O Replika ainda que peça para se ligar às suas redes sociais, não solicita o upload de emails e mensagens privadas como acontece no episódio “Be Right Back”, mas sugere-nos a naturalização da ideia de que retomar uma ligação programada computacionalmente com o avatar digital de uma pessoa que faleceu é o próximo passo. Convém perguntar quanto antes: o que é isto de um monumento digital – por si – só fomentar a ideia de que se está a falar com uma pessoa falecida? Será assim tão atrativa a ideia de interagir com a versão digital de uma pessoa morta?

Falar de um avatar digital imortal representado pela app. da Eterni.me http://eterni.me/ – aplica a noção de in-finito ao contexto digital, anunciado a preservação de memórias e ideias ao bom estilo de um argumento prometaico e ignorando toda uma tradição secular em torno da perceção popular sobre o tema da morte e da dor, no fundo, do tempo.

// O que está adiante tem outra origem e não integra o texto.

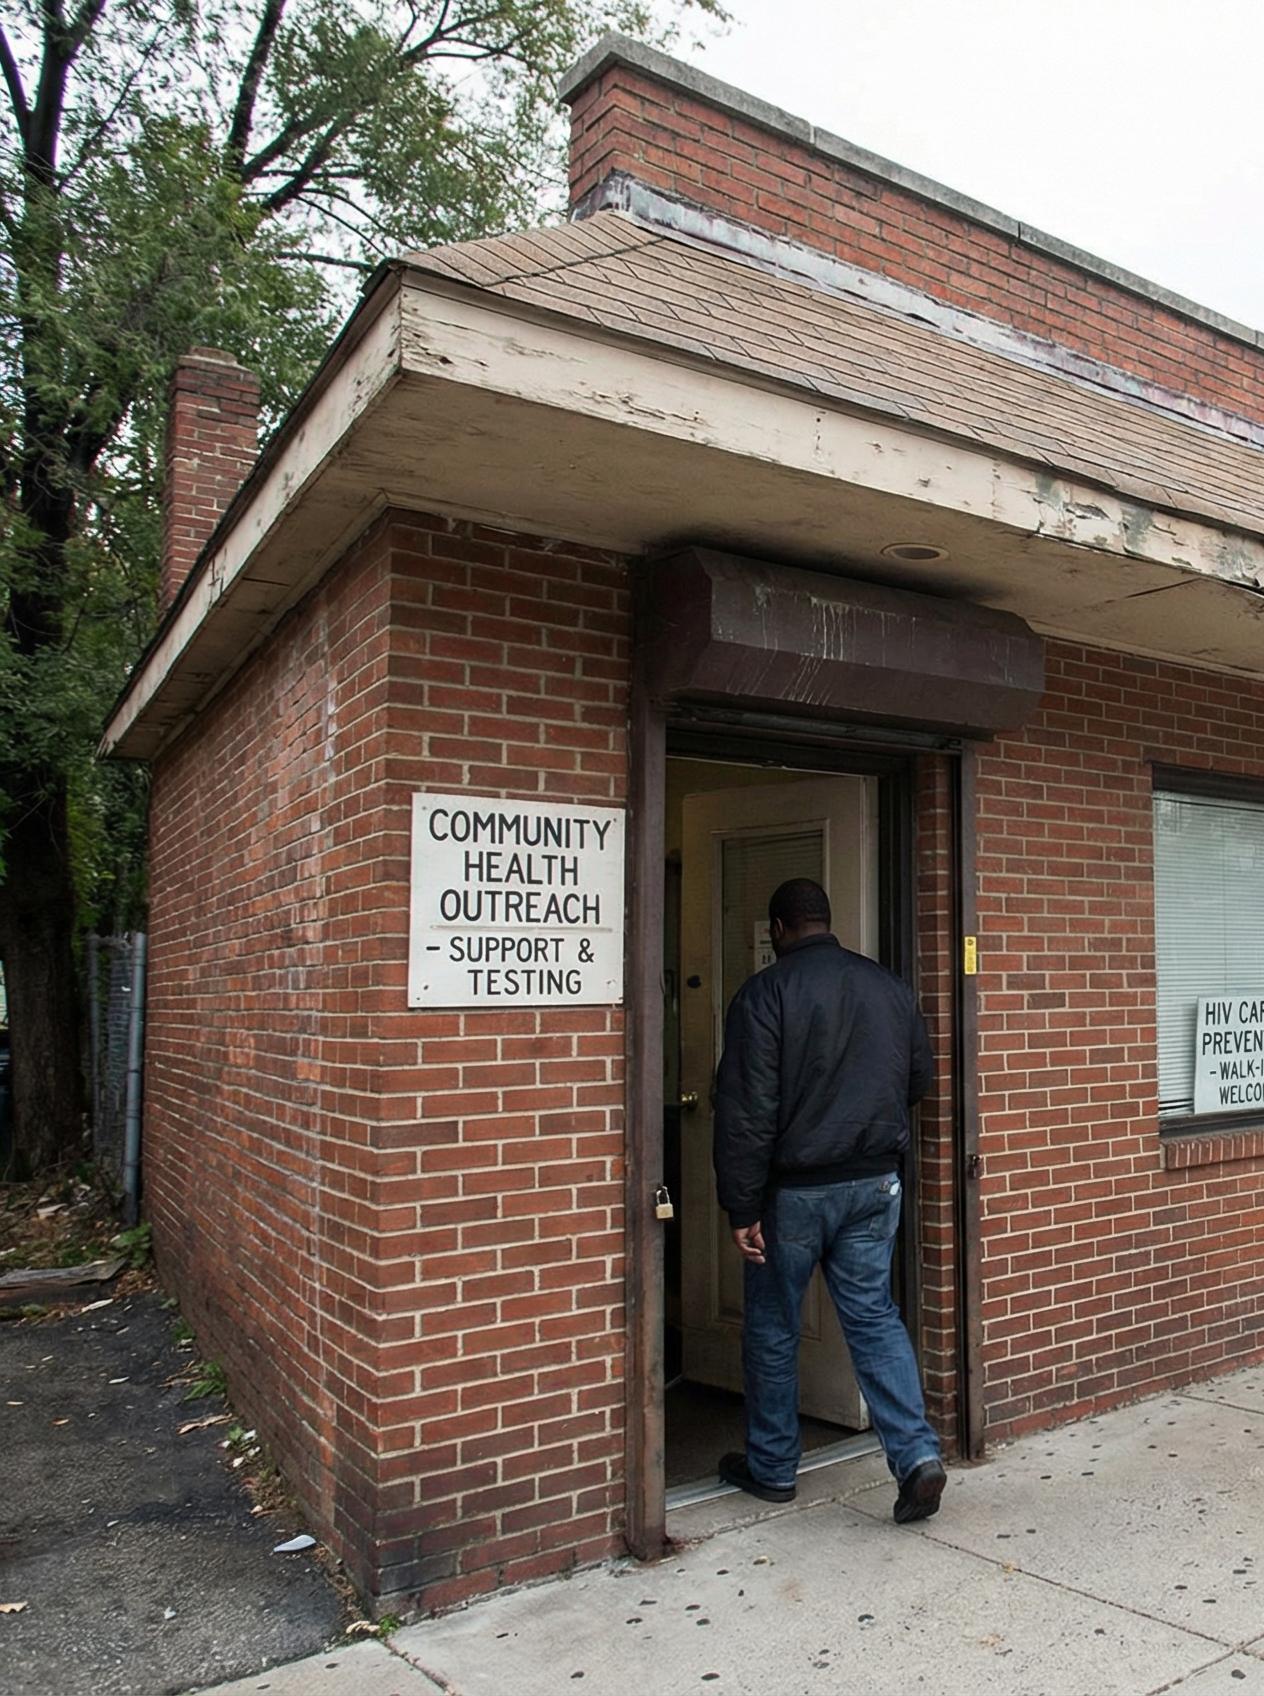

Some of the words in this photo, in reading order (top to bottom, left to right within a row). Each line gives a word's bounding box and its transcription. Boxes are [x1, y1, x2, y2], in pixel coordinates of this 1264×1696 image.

[429, 808, 611, 850] COMMUNITY
[464, 850, 578, 886] HEALTH
[440, 889, 600, 924] OUTREACH
[449, 936, 564, 962] SUPPORT
[577, 938, 595, 963] &
[467, 969, 582, 995] TESTING
[1205, 1002, 1232, 1025] HIV
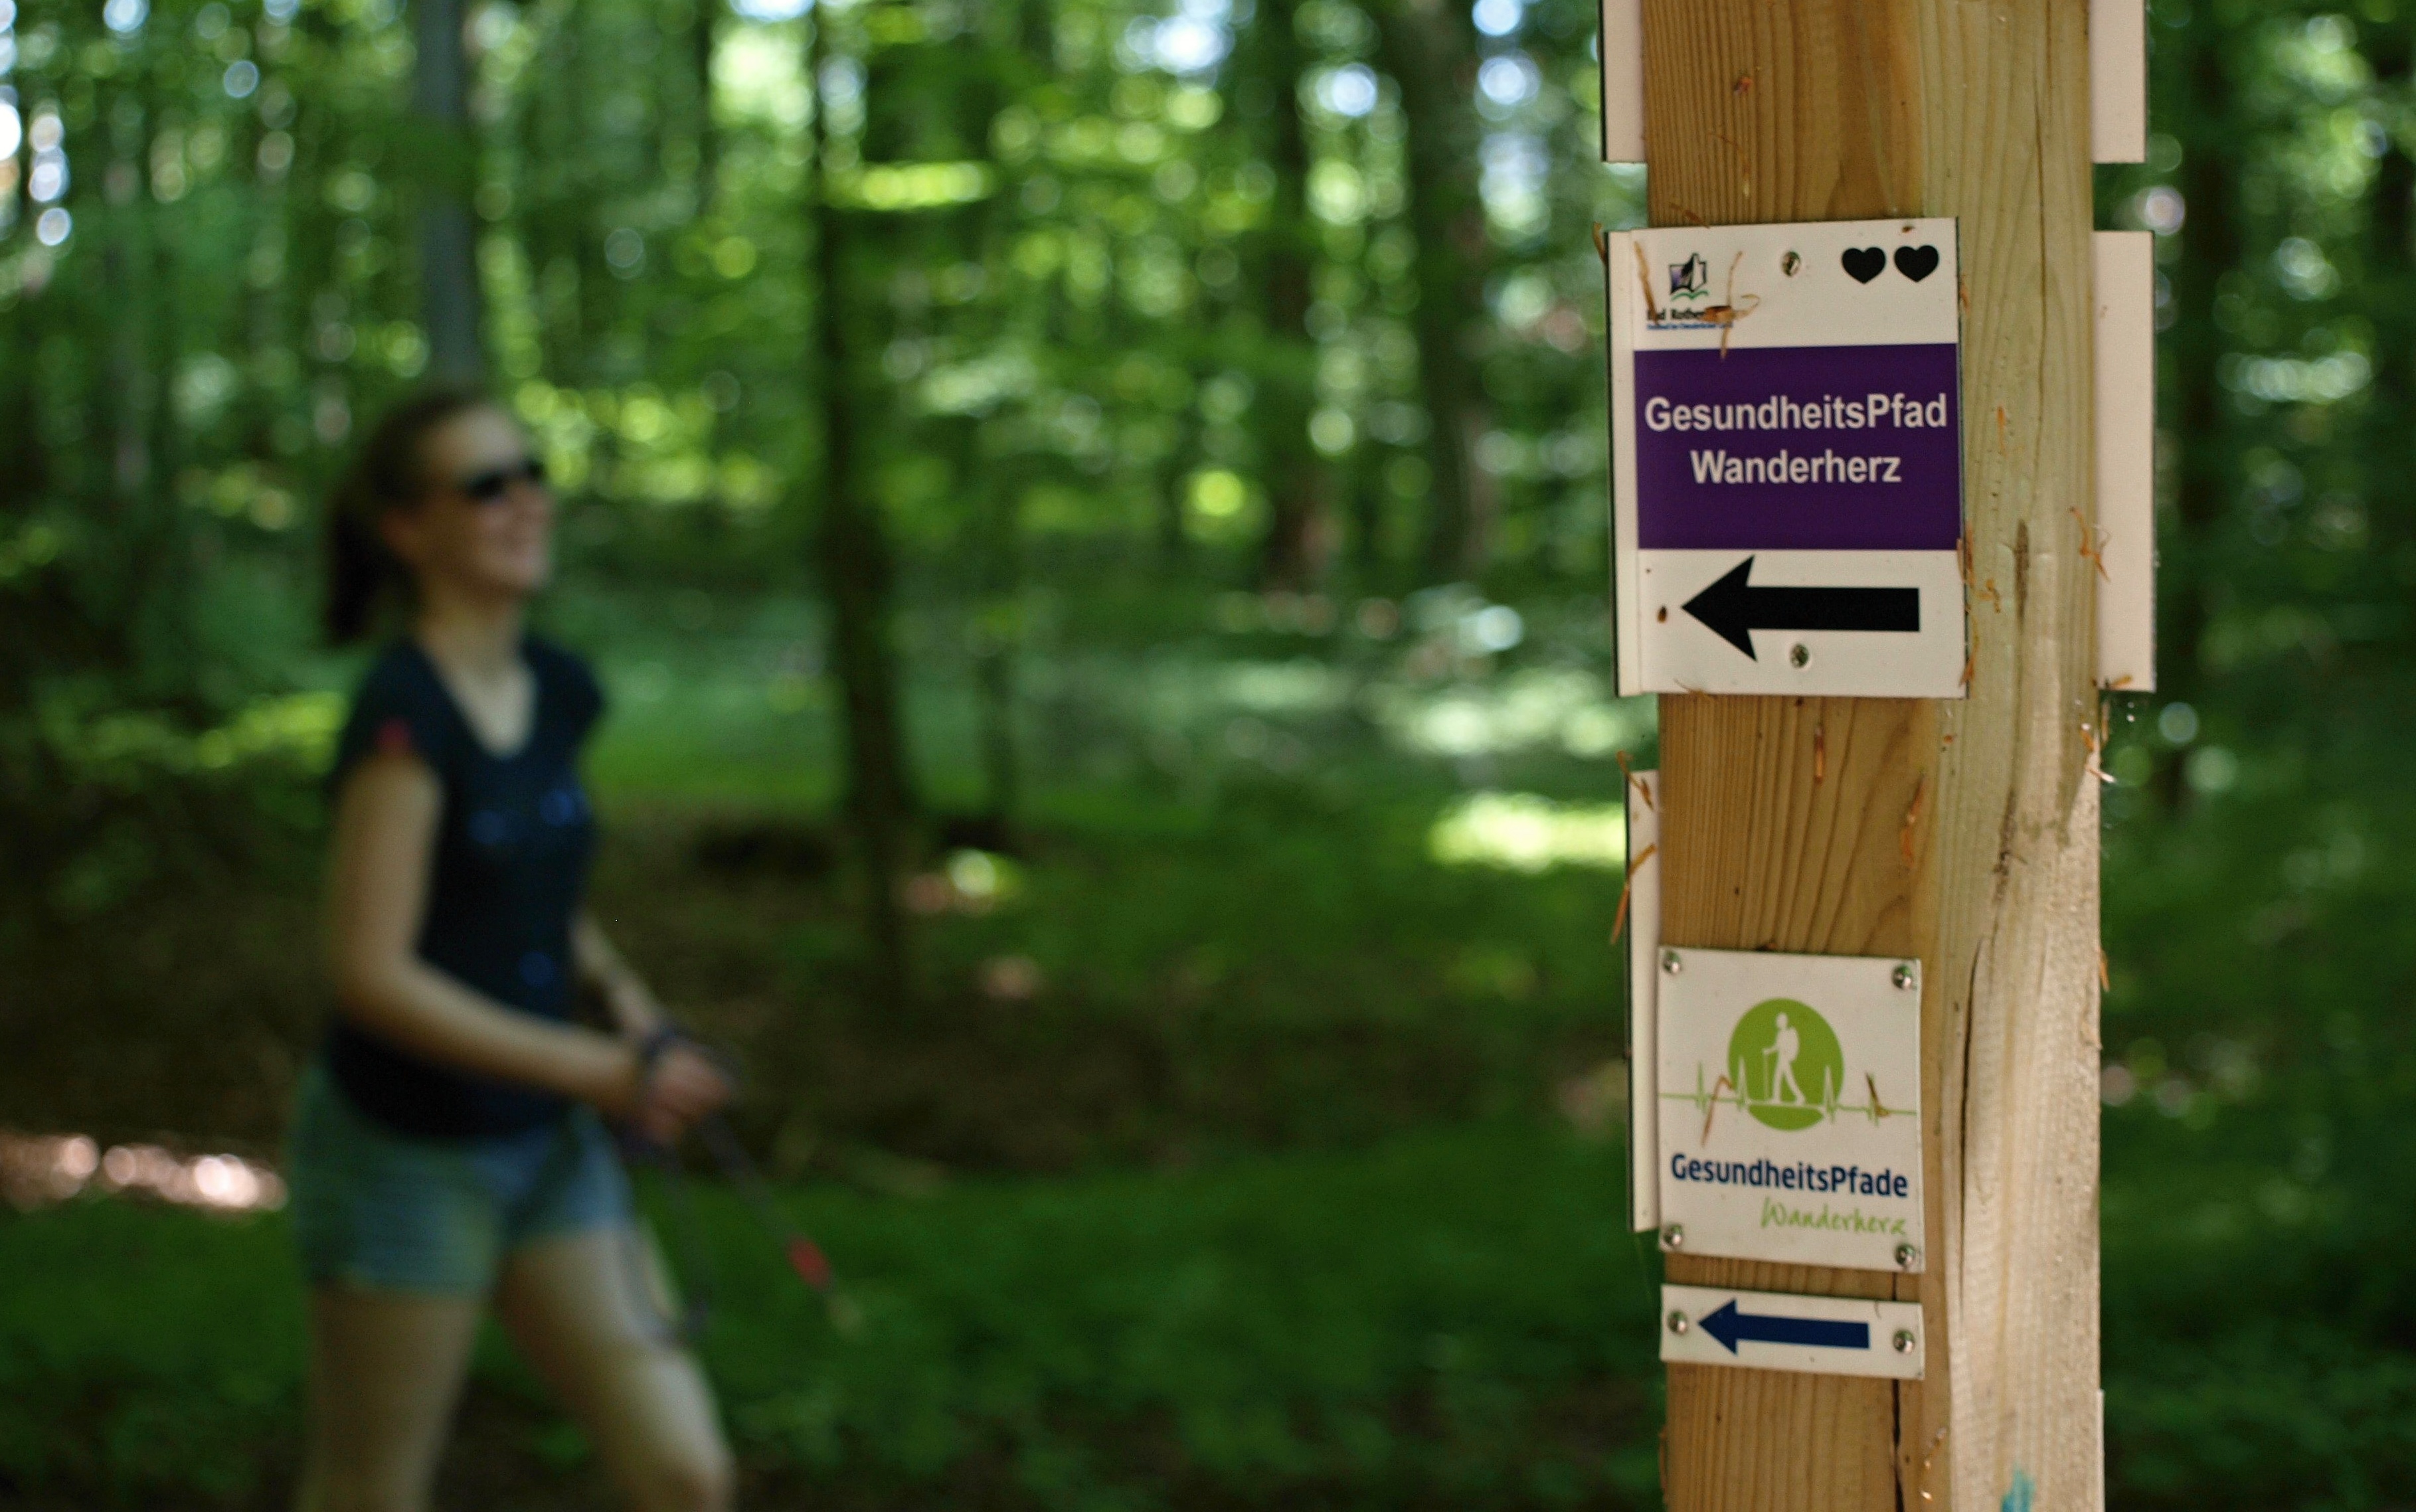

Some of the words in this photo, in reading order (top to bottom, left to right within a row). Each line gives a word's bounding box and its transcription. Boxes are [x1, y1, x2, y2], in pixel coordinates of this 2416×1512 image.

[1644, 393, 1948, 431] GesundheitsPfad
[1689, 448, 1902, 484] Wanderherz
[1671, 1153, 1909, 1197] GesundheitsPfade
[1760, 1197, 1908, 1236] Wanderherz
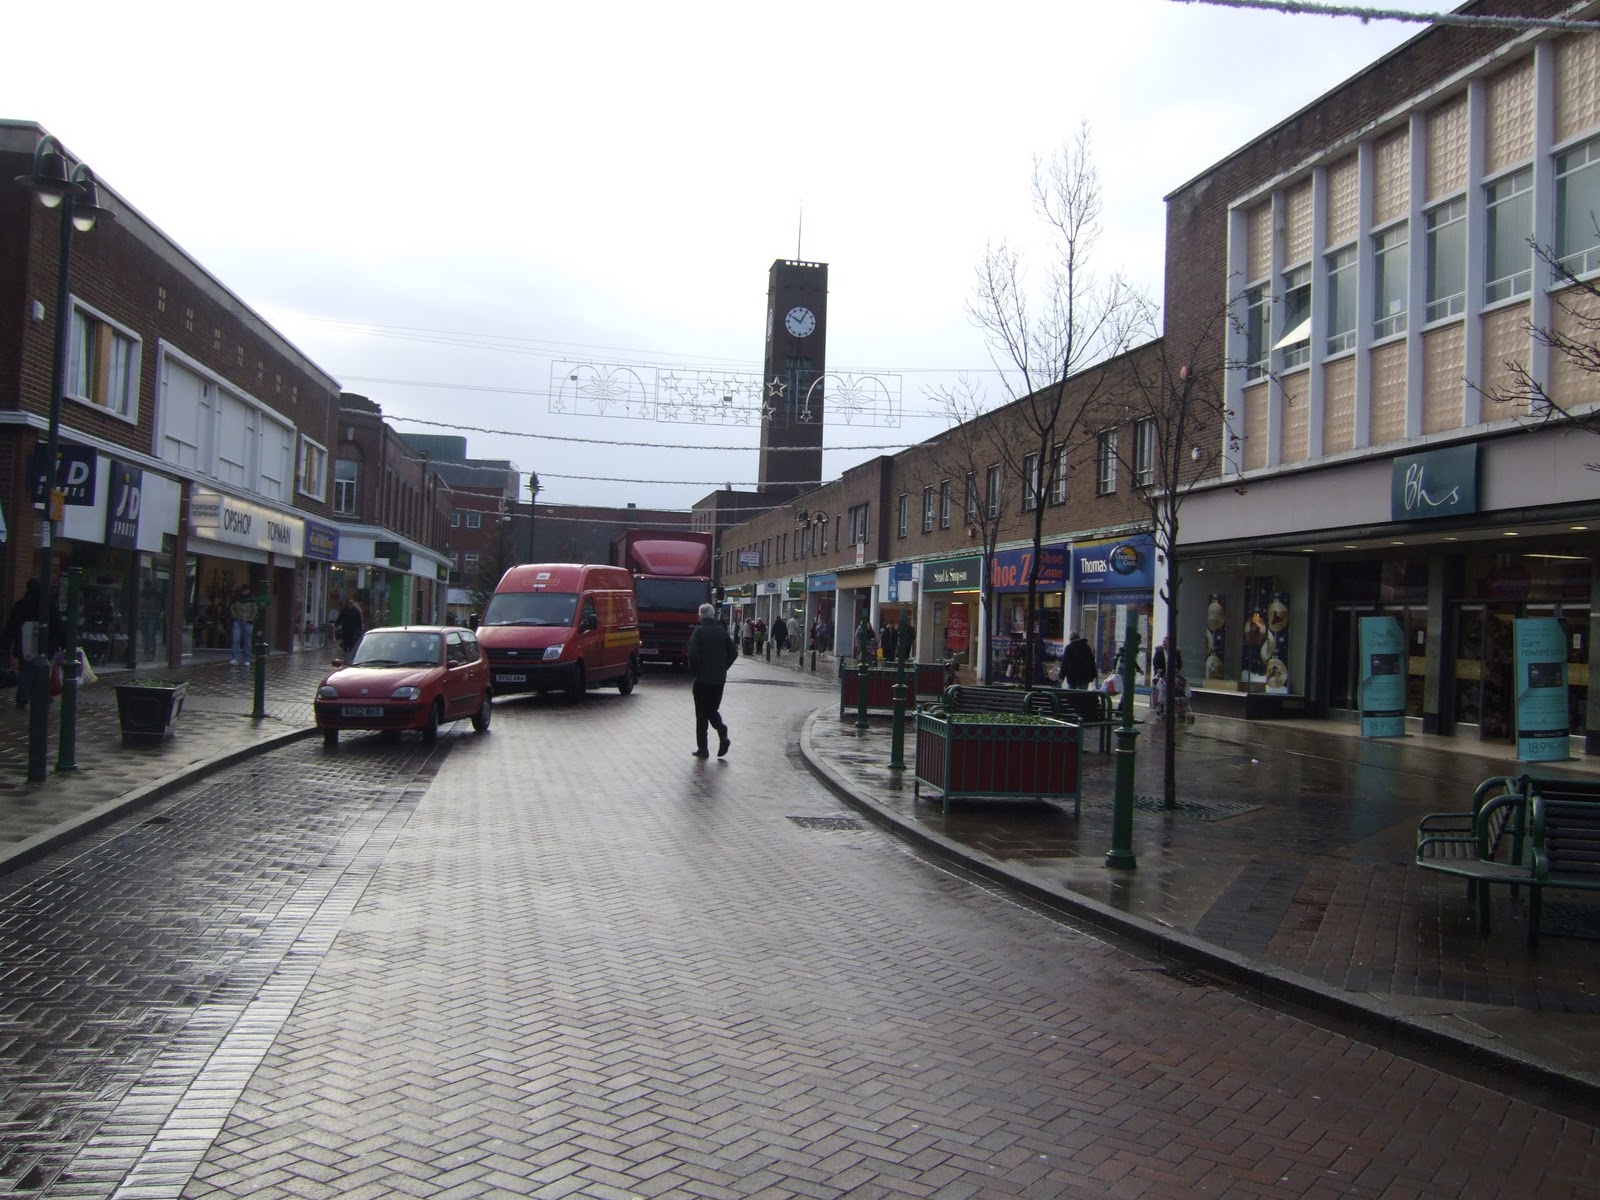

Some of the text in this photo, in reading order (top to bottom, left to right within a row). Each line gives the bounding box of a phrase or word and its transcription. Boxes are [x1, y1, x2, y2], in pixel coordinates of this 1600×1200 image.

[1404, 462, 1460, 511] Bhs
[113, 521, 137, 538] SPORTS
[223, 508, 253, 535] OPSHOP
[267, 521, 291, 545] TOPMAN
[991, 558, 1017, 588] hoe
[1037, 564, 1064, 579] Zone
[1080, 557, 1108, 574] Thomas
[948, 629, 967, 638] SALE
[1521, 638, 1541, 648] Earn

Acredito que o mais importante esteja no ato de informar que tudo se passa em torno de coletar a sua pegada digital através de redes como o Facebook, Twitter, LinkedIn, Instagram e criar – através de algoritmos de inteligência artificial – um avatar que traduz uma personalidade virtual.

O reconhecimento da necessidade desta informação é essencial para acompanhar o desenvolvimento da própria tecnologia, pois quando se fala de sofrimento na era digital não é suposto ignorar que este dito sofrimento ainda não é, por si só, digital.